By the Court. —The The order of the circuit court is reversed and the cause is remanded for further proceedings consistent with this opinion.
All subsequent references to the Wisconsin Statutes are to the 2013—14 version unless otherwise indicated.
The Honorable John W. Markson of Dane County presided.
See Wis. Stat. § 343.305(3).
Because we conclude that the search was reasonable under the totality of circumstances presented herein, we need not reach whether Wis. Stat. § 343.305(3)(b) is facially unconstitutional. See generally, State v. Stoehr, 134 Wis. 2d 66, 70, 396 N.W.2d 177 (1986) ("When this court grants direct review upon certification, it acquires jurisdiction of the appeal, which includes all issues, not merely the issues certified or the issue for which the court accepts the certification.").
See Wis. Stat. § 340.01(46m)(c).
The deputy said he took these steps even though Howes was unconscious because he thought he was legally required to do so.
If a CT scan occurred during this period, it would be consistent with a physician's statement to the deputy shortly after the deputy arrived at the hospital that Howes needed to have a CT scan.
An analysis under the fourth factor does not require us to determine whether an individual consented to a search; instead, it refers to an objection to the type of search the officer chose to conduct (e.g., a blood draw as opposed to a breathalyzer). See State v. Krajewski, 2002 WI 97, ¶ 48, 255 Wis. 2d 98, 648 N.W.2d 385. As this Court in State v. Kennedy, 2014 WI 132, 359 Wis. 2d 454, 856 N.W.2d 834 recognized, the fourth factor is derived from the Supreme Court's decision in Schmerber v. California, 384 U.S. 757 (1966). In Schmerber, the Supreme Court explained that an analysis under the fourth factor is reserved for those instances in which an individual has raised a legitimate and significant objection to having his or her blood drawn. The Court concluded that the defendant in that case did not raise a reasonable objection to the blood draw because the defendant was "not one of the few who on grounds of fear, concern for health, or religious scruple might prefer some other means of testing, such as the 'Breathalyzer' test petitioner refused." Schmerber, 384 U.S. at 771. See also State v. Krause, 168 Wis. 2d 578, 588, 484 N.W.2d 347 (Ct. App. 1992) ("Krause asserts, however, that his refusal still is constitutionally protected because he told Officer Dornfeld that he 'didn't believe in needles' and 'd[id]n't want AIDS.' This argument fails. These isolated comments do not establish that Krause is 'one of the few who on grounds of fear, concern for health, or religious scruple might prefer some other means of testing' whose wishes the Schmerber Court declined to address.").
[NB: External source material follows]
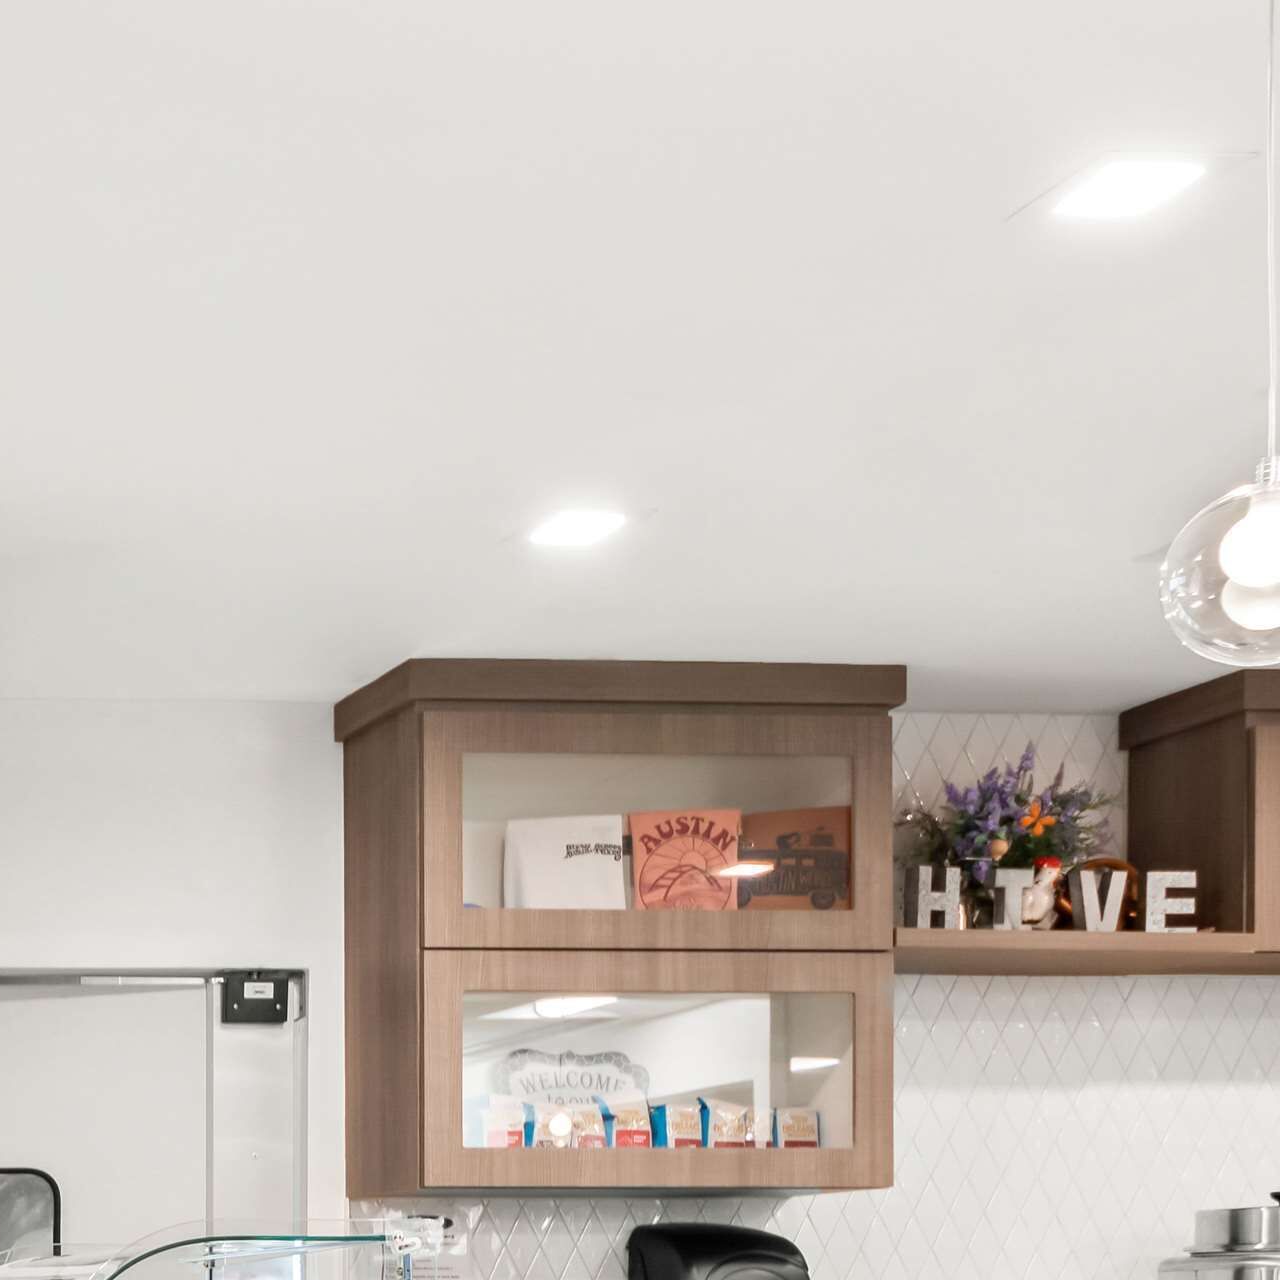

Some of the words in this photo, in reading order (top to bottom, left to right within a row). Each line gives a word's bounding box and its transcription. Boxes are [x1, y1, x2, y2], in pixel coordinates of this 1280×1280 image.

Consequently, the fourth factor speaks to the reasonableness of the type of search employed, not whether a warrant was required to conduct the search. As such, to say that Howes made no objection to the type of search is not to say that Howes impliedly consented to being searched. Each inquiry is analytically distinct.
Accordingly, the deputy's testimony that he had time to obtain a warrant in this case is irrelevant to our analysis.
Howes was in critical condition that required additional testing, intubation to support his respiration. He had been given medication resulting in "heavy sedation," and because he was unconscious, he must have received this medication intravenously.
The deputy asked hospital staff to conduct a blood draw, but they were unable to draw Howes' blood until roughly an hour after the deputy's request. This passage of time is further evidence that the deputy needed to request a blood draw immediately.